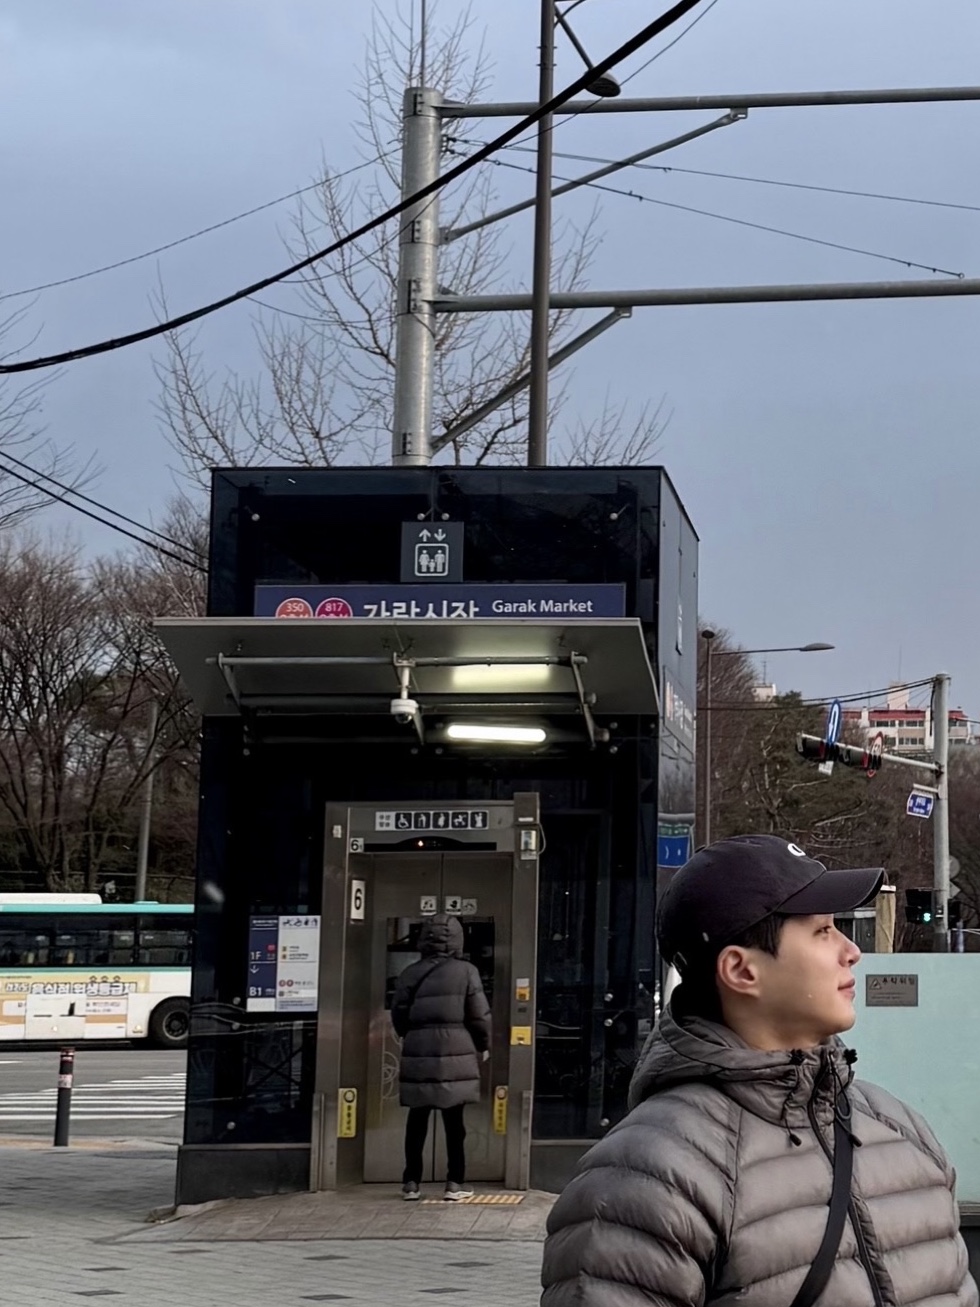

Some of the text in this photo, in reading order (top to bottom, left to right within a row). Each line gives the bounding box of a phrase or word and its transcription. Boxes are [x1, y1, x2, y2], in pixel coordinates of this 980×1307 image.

[286, 602, 304, 612] 350
[324, 602, 344, 612] 817
[492, 600, 593, 613] Garak Market
[354, 888, 363, 910] 6
[249, 986, 262, 997] B1
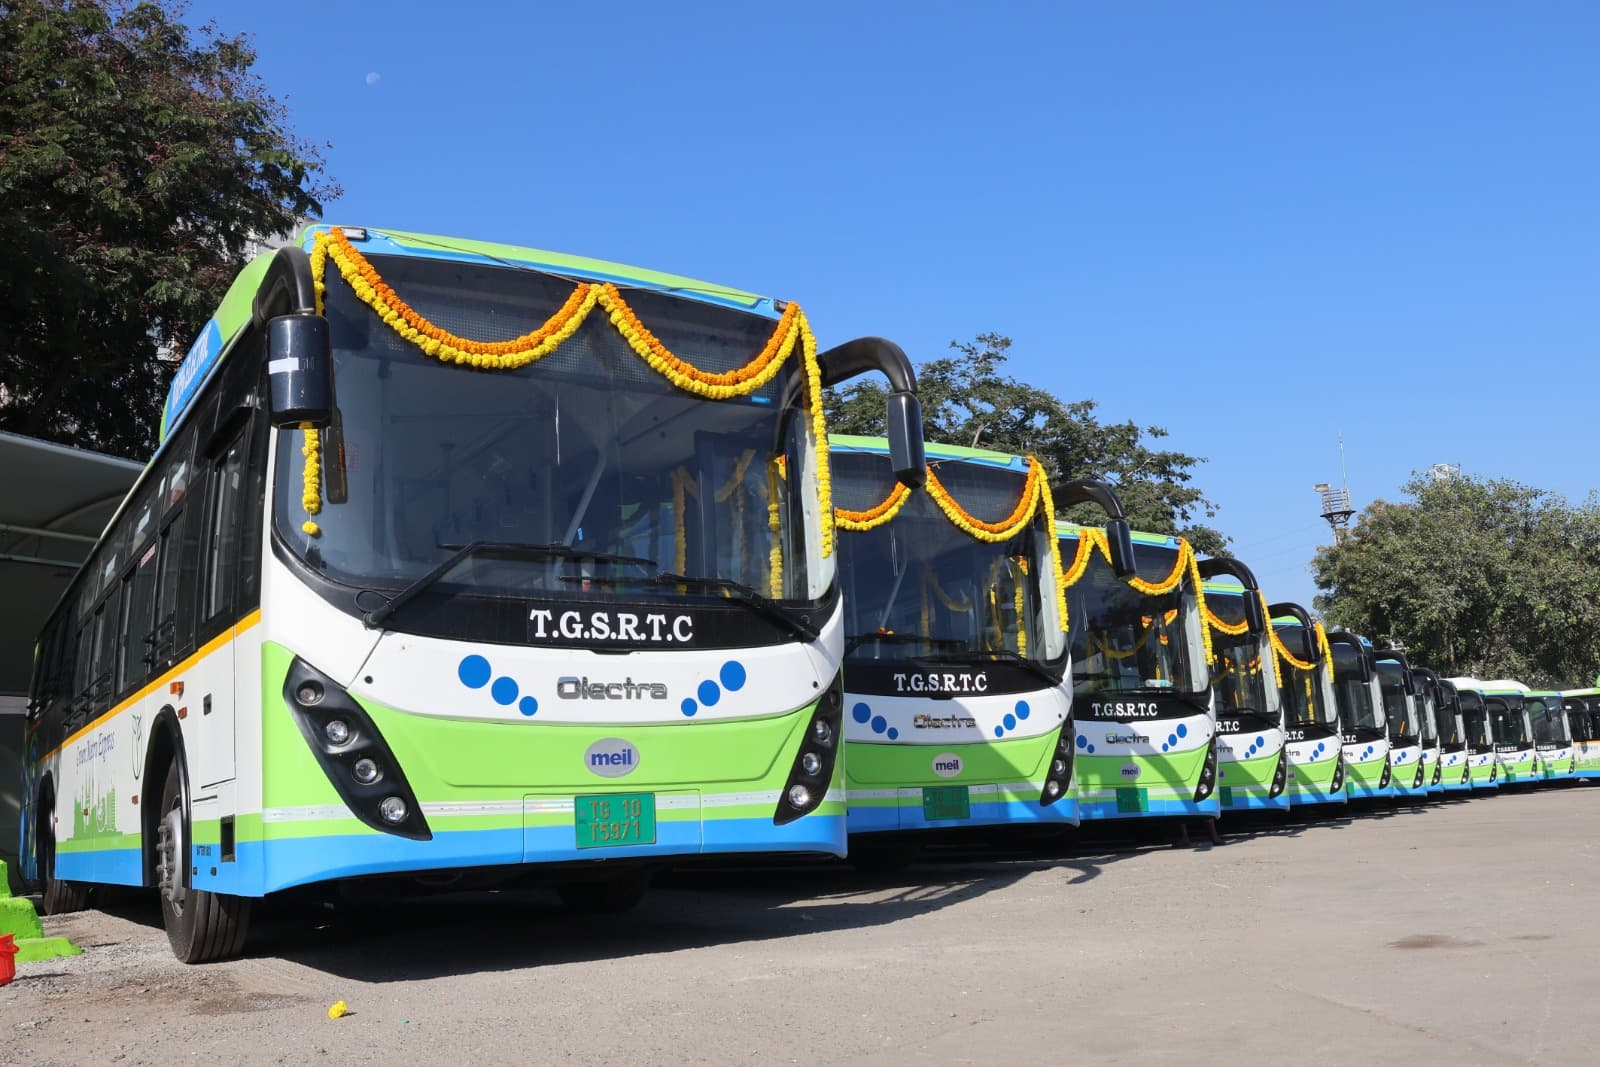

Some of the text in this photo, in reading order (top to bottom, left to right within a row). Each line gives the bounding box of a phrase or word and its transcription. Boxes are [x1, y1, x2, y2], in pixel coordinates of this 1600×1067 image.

[529, 608, 693, 642] T.G.S.R.T.C
[557, 676, 668, 700] Olectra
[893, 673, 988, 692] T.G.S.R.T.C
[1091, 703, 1158, 717] T.G.S.R.T.C
[913, 714, 977, 729] Olectra
[1105, 732, 1150, 744] Olectra
[591, 748, 632, 766] meil
[935, 759, 959, 771] meil
[590, 799, 641, 819] TG 10
[590, 820, 641, 842] T5971
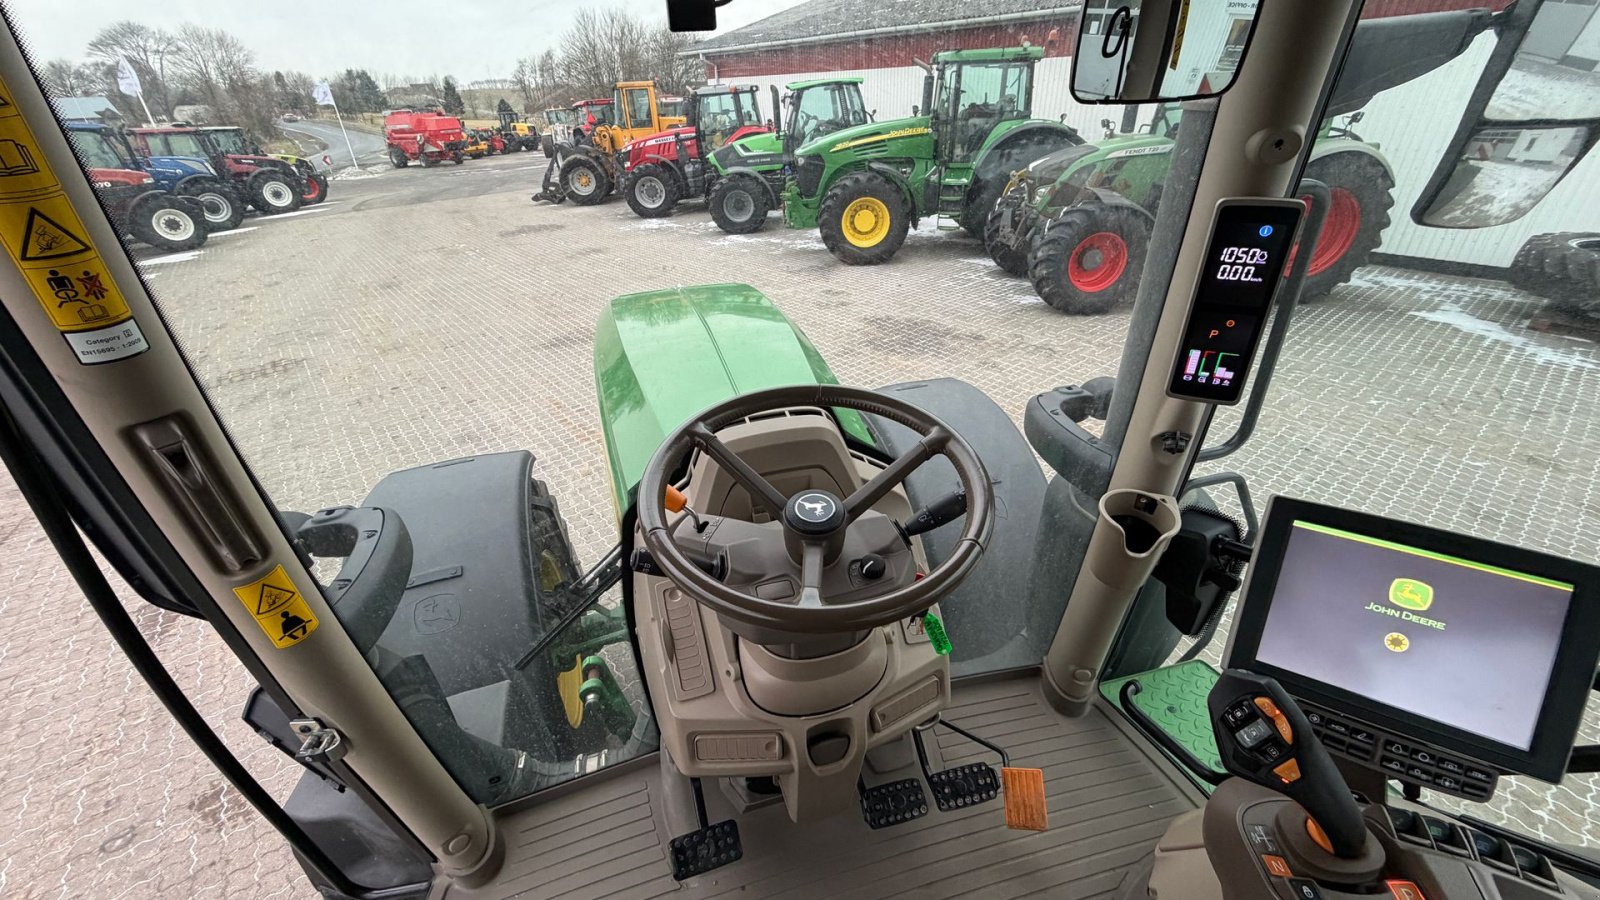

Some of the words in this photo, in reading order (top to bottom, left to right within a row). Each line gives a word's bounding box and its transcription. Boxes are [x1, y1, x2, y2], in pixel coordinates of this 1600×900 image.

[1220, 247, 1260, 264] 1050
[1217, 264, 1255, 281] 0.00
[86, 334, 121, 346] Category
[1209, 329, 1219, 339] P
[1364, 601, 1401, 618] JOHN
[1401, 610, 1447, 630] DEERE
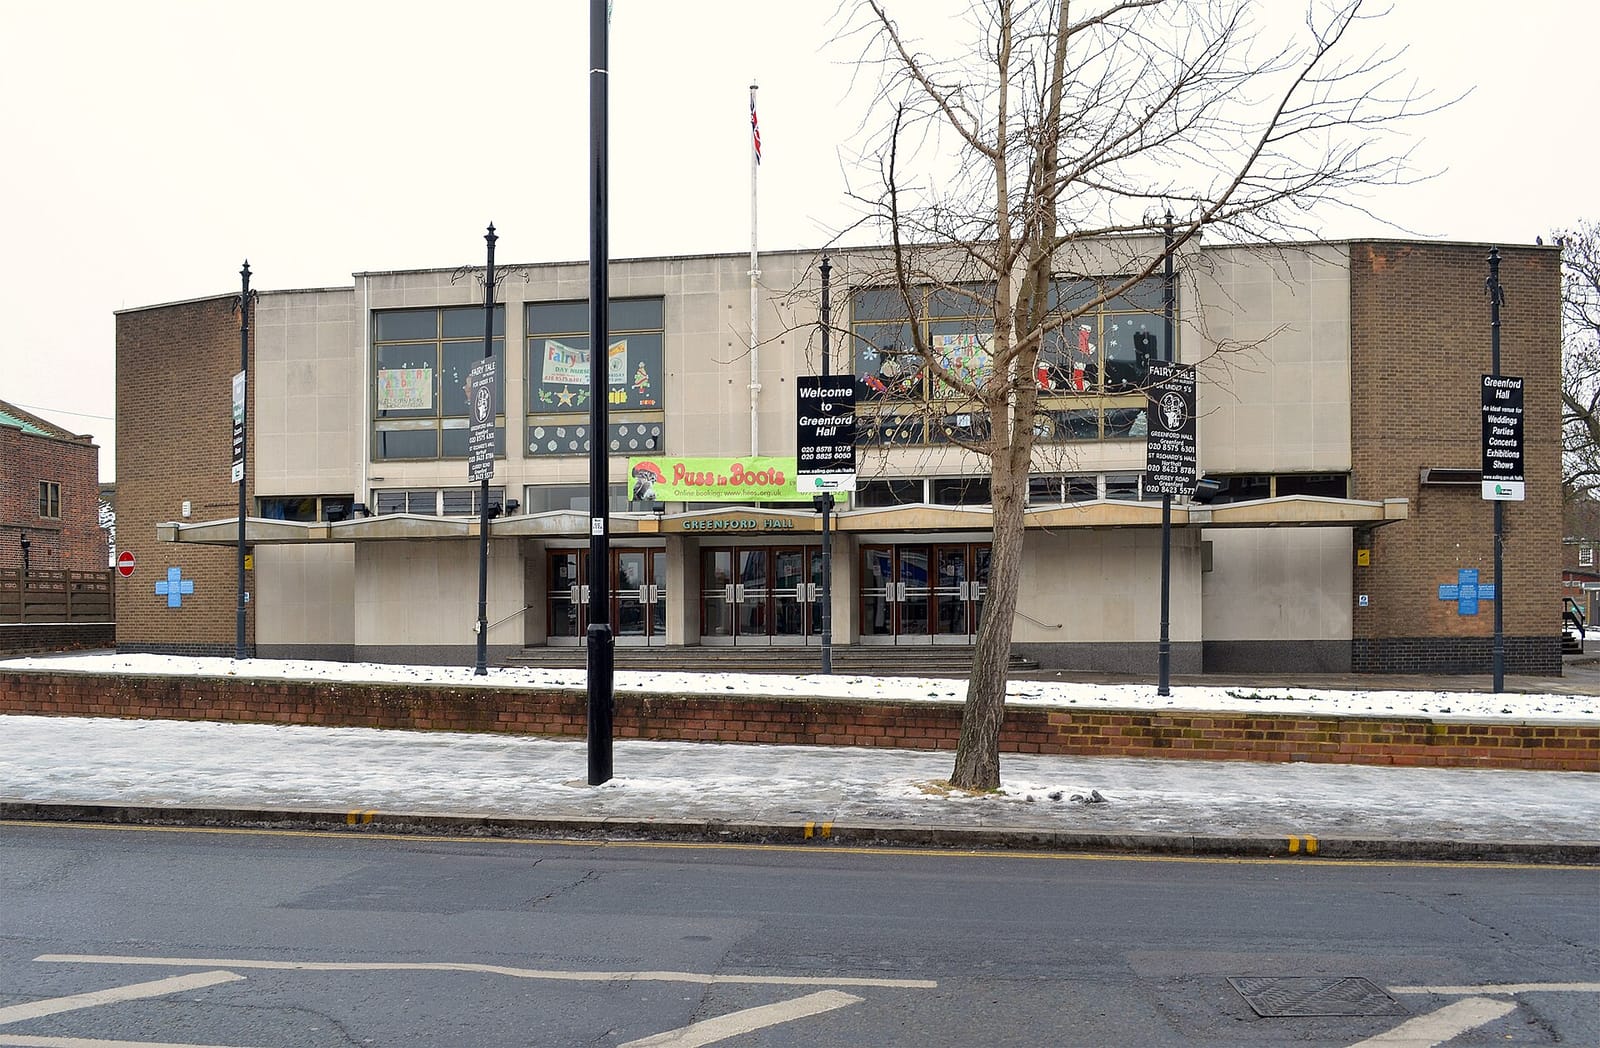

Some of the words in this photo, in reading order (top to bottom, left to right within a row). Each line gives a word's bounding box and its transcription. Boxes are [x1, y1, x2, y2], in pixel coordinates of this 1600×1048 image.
• • •
* WORK ITEM
Generate a word-for-word copy of the preceding records, excluding all pictures.

* TASK RESULT
Some of the text in this photo, in reading order (top to bottom, left to right within a row). Each line gives the bounding box of a phrase or word and its transcription. Boxes are [x1, y1, x2, y2], in pixel coordinates of this 980×1307 image.

[286, 602, 304, 612] 350
[324, 602, 344, 612] 817
[492, 600, 593, 613] Garak Market
[354, 888, 363, 910] 6
[249, 986, 262, 997] B1

Some of the text in this photo, in reading order (top to bottom, left to right within a row). Each line gives the bounding box of a phrase or word and its transcription. Boxes are [x1, y1, x2, y2], in pixel coordinates of this 1600×1067 image.

[529, 608, 693, 642] T.G.S.R.T.C
[557, 676, 668, 700] Olectra
[893, 673, 988, 692] T.G.S.R.T.C
[1091, 703, 1158, 717] T.G.S.R.T.C
[913, 714, 977, 729] Olectra
[1105, 732, 1150, 744] Olectra
[591, 748, 632, 766] meil
[935, 759, 959, 771] meil
[590, 799, 641, 819] TG 10
[590, 820, 641, 842] T5971

Some of the words in this photo, in reading order (top to bottom, left to right within a row). Each line gives a word's bounding box and its transcription. Boxes are [x1, y1, x2, y2], in pixel coordinates of this 1600×900 image.

[1220, 247, 1260, 264] 1050
[1217, 264, 1255, 281] 0.00
[86, 334, 121, 346] Category
[1209, 329, 1219, 339] P
[1364, 601, 1401, 618] JOHN
[1401, 610, 1447, 630] DEERE

Some of the words in this photo, in reading order (top to bottom, left to right within a row). Each line gives a word's bounding box and its transcription. Boxes are [x1, y1, x2, y2], in pixel coordinates of this 1600×1048 image.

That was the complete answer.